3. Maximizing the potential of ‘Operational Entities’

  • Optimize your use of Operational Entities in RiskStudio to efficiently manage key business components. Regularly update and configure entities to align with ongoing projects and organizational changes, ensuring accurate and effective risk management strategies.

  • Participants can be assigned to specific entities, fostering collaboration and ensuring that each entity is adequately monitored and managed.

  • By knowing each entity's role and function, you can tailor risk management strategies to address specific vulnerabilities or challenges.

4. Frequently Asked Quesiton (FAQs)

Q: Can an Operational Entity belong to multiple risks ?
A: Yes, depending on its relevance, an entity can be linked to several risk programs to reflect its multifaceted role within the organization.

Q: How detailed should my entity descriptions be?
A: It's beneficial to be as detailed as possible to provide clarity. However, ensure the description remains concise and understandable for all participants.

Q: Can I modify an entity's type after creation?
A: While you can edit details of an entity, changing its fundamental type might require a new entity creation to maintain data integrity.

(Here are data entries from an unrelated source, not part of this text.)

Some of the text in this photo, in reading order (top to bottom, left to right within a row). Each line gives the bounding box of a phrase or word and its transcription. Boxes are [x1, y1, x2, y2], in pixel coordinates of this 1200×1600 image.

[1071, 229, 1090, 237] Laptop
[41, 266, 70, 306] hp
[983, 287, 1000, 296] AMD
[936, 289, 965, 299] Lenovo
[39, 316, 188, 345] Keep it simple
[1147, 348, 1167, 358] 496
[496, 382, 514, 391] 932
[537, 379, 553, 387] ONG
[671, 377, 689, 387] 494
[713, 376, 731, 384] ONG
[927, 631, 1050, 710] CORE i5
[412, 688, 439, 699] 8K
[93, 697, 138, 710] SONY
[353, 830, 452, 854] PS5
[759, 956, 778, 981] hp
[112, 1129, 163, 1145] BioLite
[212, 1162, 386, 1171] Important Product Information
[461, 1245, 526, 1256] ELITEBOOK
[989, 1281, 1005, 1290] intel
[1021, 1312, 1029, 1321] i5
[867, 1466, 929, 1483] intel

Contribution to cybersecurity and Risk Management

Operational Entities play a crucial role in RiskStudio by providing a structured approach to managing and analyzing different aspects of your organization, thus contributing significantly to both cybersecurity and overall risk management.


To effectively utilize Operational Entities in RiskStudio, ensure you have a clear understanding of your organization's structure, including its various departments, processes, and systems. Familiarity with the overall business objectives and cybersecurity goals is also essential.